§ **WHAT IS REQUIRED**
Exclude any images and output the remaining records exactly.

§ **LISTED RECORDS**

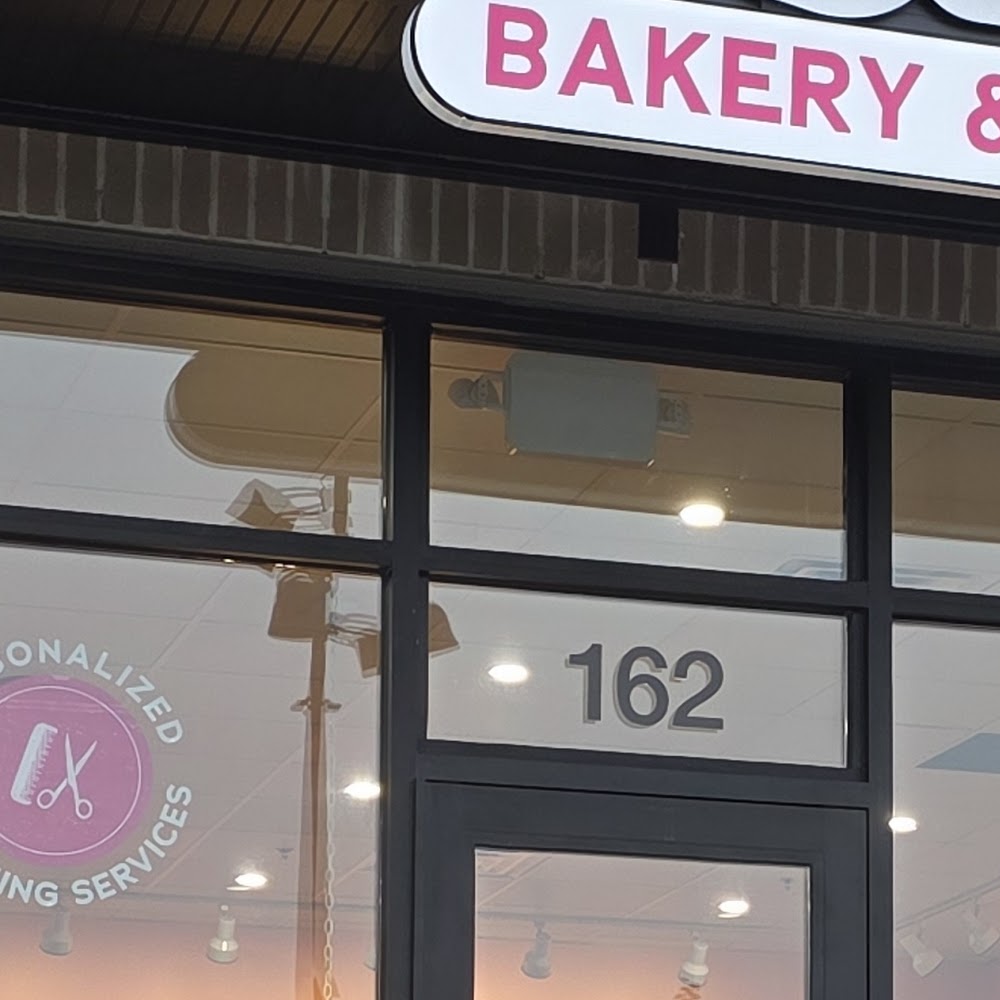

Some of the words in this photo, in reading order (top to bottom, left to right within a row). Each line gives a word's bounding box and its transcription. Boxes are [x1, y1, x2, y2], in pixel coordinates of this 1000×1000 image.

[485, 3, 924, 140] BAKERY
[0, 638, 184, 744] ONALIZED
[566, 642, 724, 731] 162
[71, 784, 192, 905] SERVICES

§ **TASK RESPONSE**
Some of the words in this photo, in reading order (top to bottom, left to right within a row). Each line gives a word's bounding box and its transcription. Boxes are [x1, y1, x2, y2], in pixel coordinates of this 1000×1000 image.

[485, 3, 924, 140] BAKERY
[0, 638, 184, 744] ONALIZED
[566, 642, 724, 731] 162
[71, 784, 192, 905] SERVICES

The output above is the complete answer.